Although manic depression and these types of dramatic, mind-binding and obstacle-clobbering rises are most often associated with artists, we have seen this story before with captains of industry who have been bipolar. Phillip Merrill, the former publisher of The Annalopis Capital, former head of Capital-Gazette Communications and the namesake for the University of Maryland Phillip Merill College of Journalism, is another example. The philanthropist, owner of the Washingtonian, former counselor to the Undersecretary of Defense and former head of the Export-Import Bank, committed suicide by tying a small anchor around his ankles and shooting himself with a shotgun while standing at the edge his boat in the Chesapeake Bay. He fell in the water and was not found for more than a week. Ted Turner, the founder of CNN, former Turner Broadcasting owner, former Atlanta Braves owner, former husband to Jane Fonda, former husband of two other women, former vice chairman of AOL Time Warner and buffalo rancher and buffalo restaurateur, is a living example. I wonder, with no true evidence, whether captains of industry with bipolar are attracted to the more creative side of the business world.
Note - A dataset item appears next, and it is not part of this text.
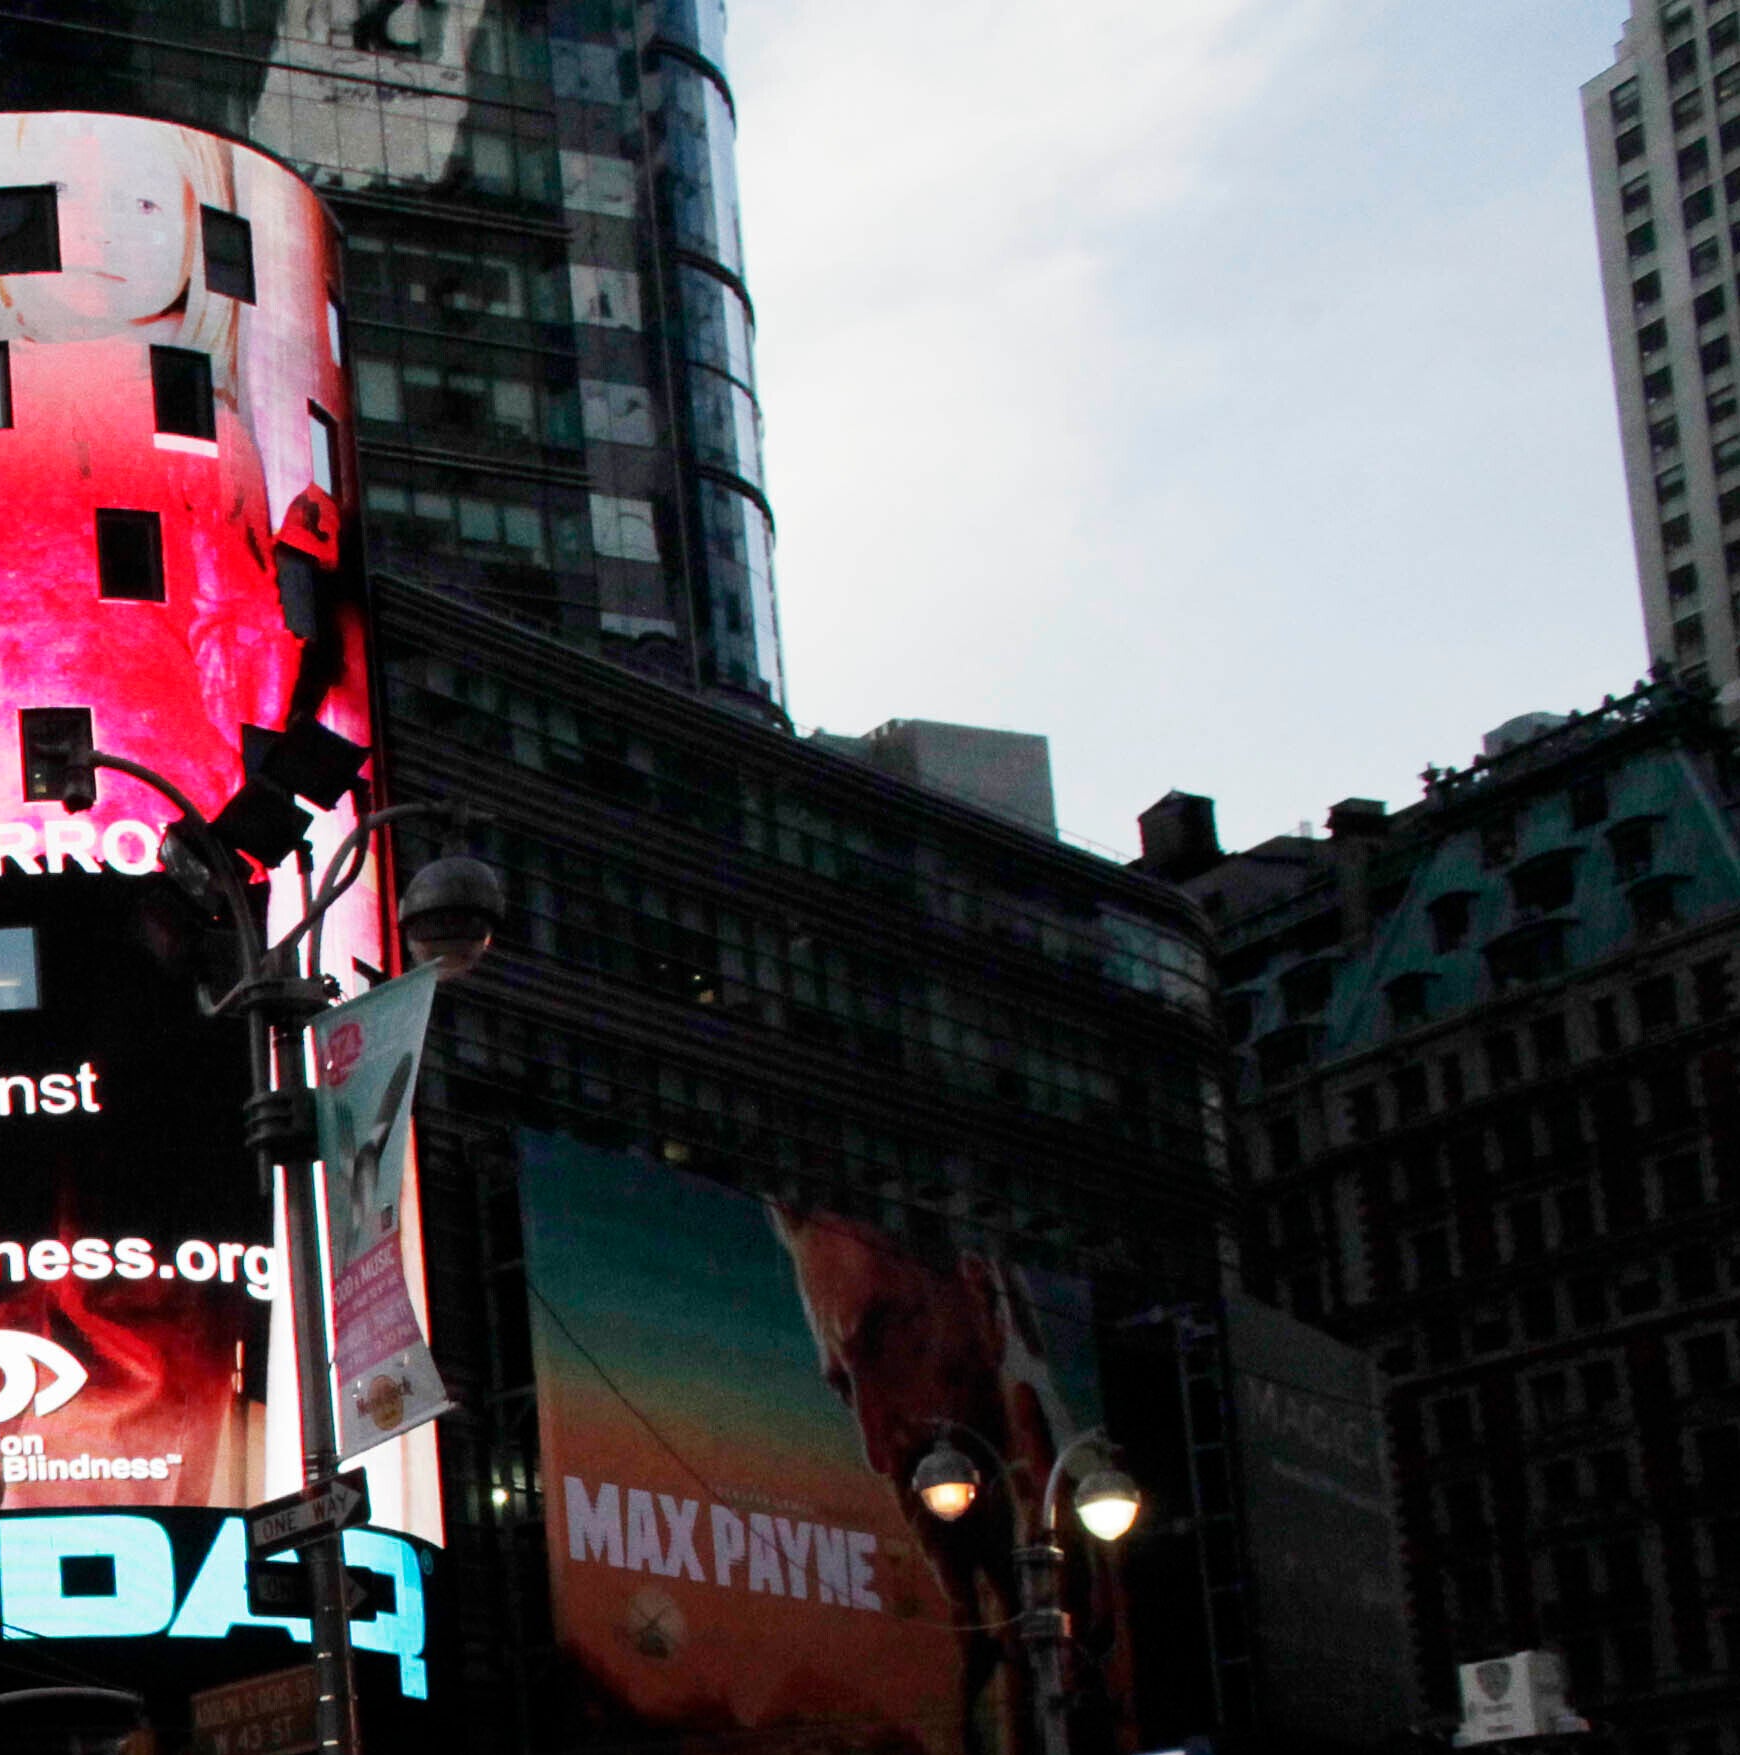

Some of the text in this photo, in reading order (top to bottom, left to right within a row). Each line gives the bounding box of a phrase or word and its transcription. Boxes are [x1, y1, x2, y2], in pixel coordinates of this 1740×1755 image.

[261, 1491, 351, 1541] ONE WAY
[563, 1475, 707, 1583] MAX
[709, 1504, 883, 1612] PAYNE
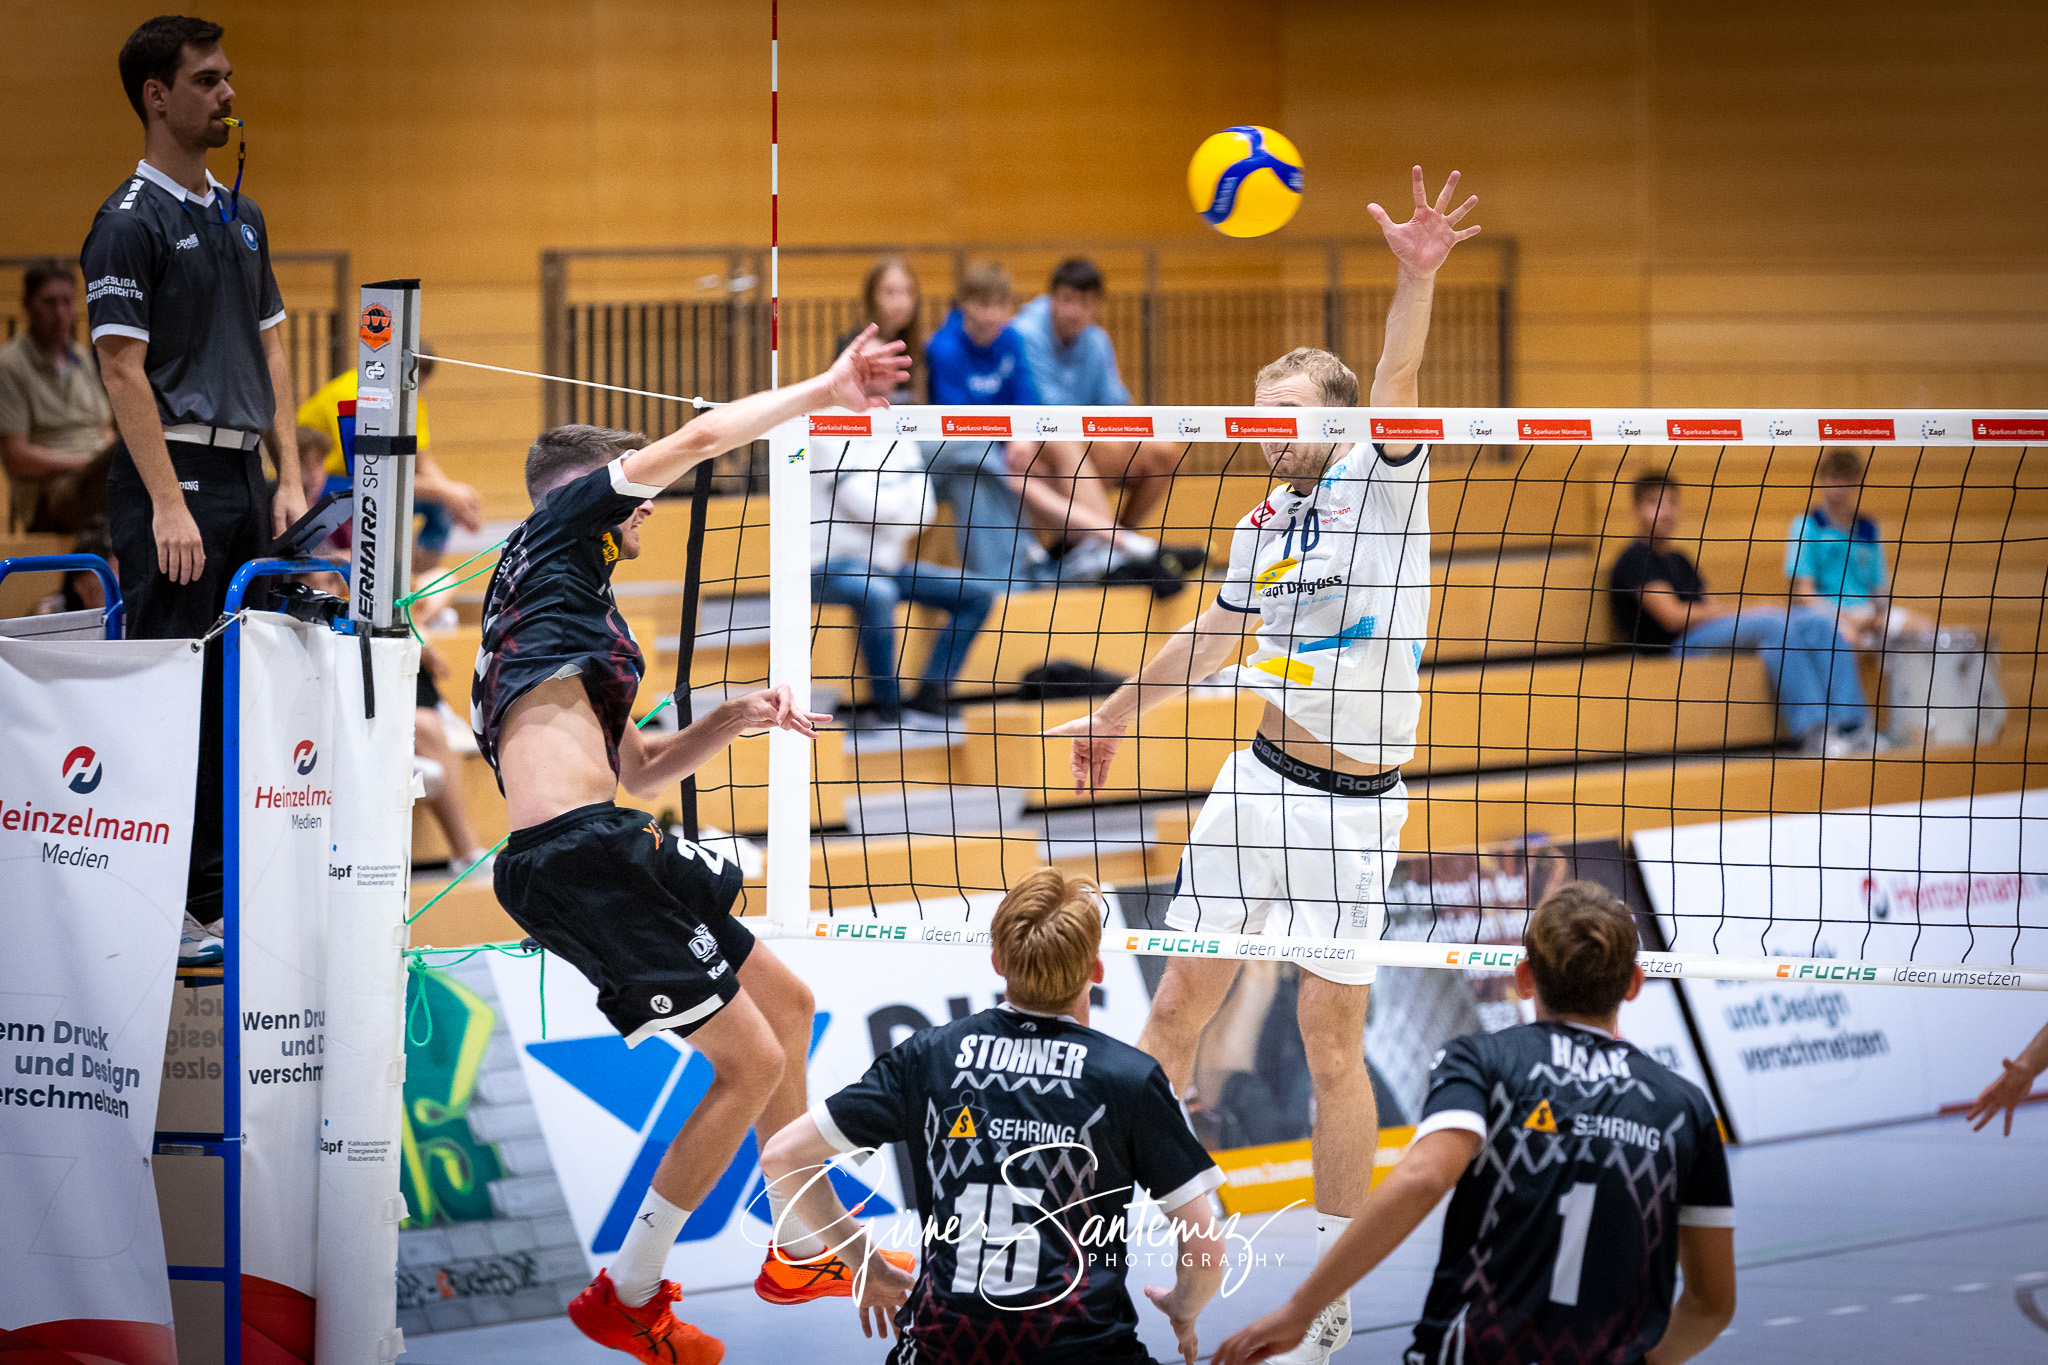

This notion of the thing that makes you great becoming and being your Achilles heal is what I call the Virginia Woolf syndrome -- the same thing that makes you so great at what you do contributes to the madness that attempts to consume you. Ms. Wolff's suicide note provides a powerful glimpse at what its like to be on the tail end of that which makes your mind do great things turning on you. John Nash, the Nobel-prize winning mathematician whose diagnosis lands somewhere between bipolar and schizophrenia, according to his biographer Slyvia Nasar, sums it up in the opening pages to her biography of him A Beautiful Mind:
[George] Mackey, [a friend of John Nash and a Harvard professor] finally could contain himself no longer. His voice was slightly querulous, but he strained to be gentle. "How could you," began Mackey, "how could you, a mathematician, a man devoted to reason and logical proof...how could you believe that extraterrestrials are sending you messages? How could you believe that you are being recruited by aliens from outer space to save the world? How could you...?"
Nash looked up at last and fixed Mackey with an unblinking stare as cool and dispassionate as that of any bird or snake. "Because," Nash said slowly in his soft, reasonable southern drawl, as if talking to himself, "the ideas I had about supernatural beings came to me the same way that my mathematical ideas did. So I took them seriously."
So, devastating to think, that which could make you so great could also undermine you. What cruel a trick, one that deceives you by using the certainty of your goodness to make you believe in the certainty of your madness.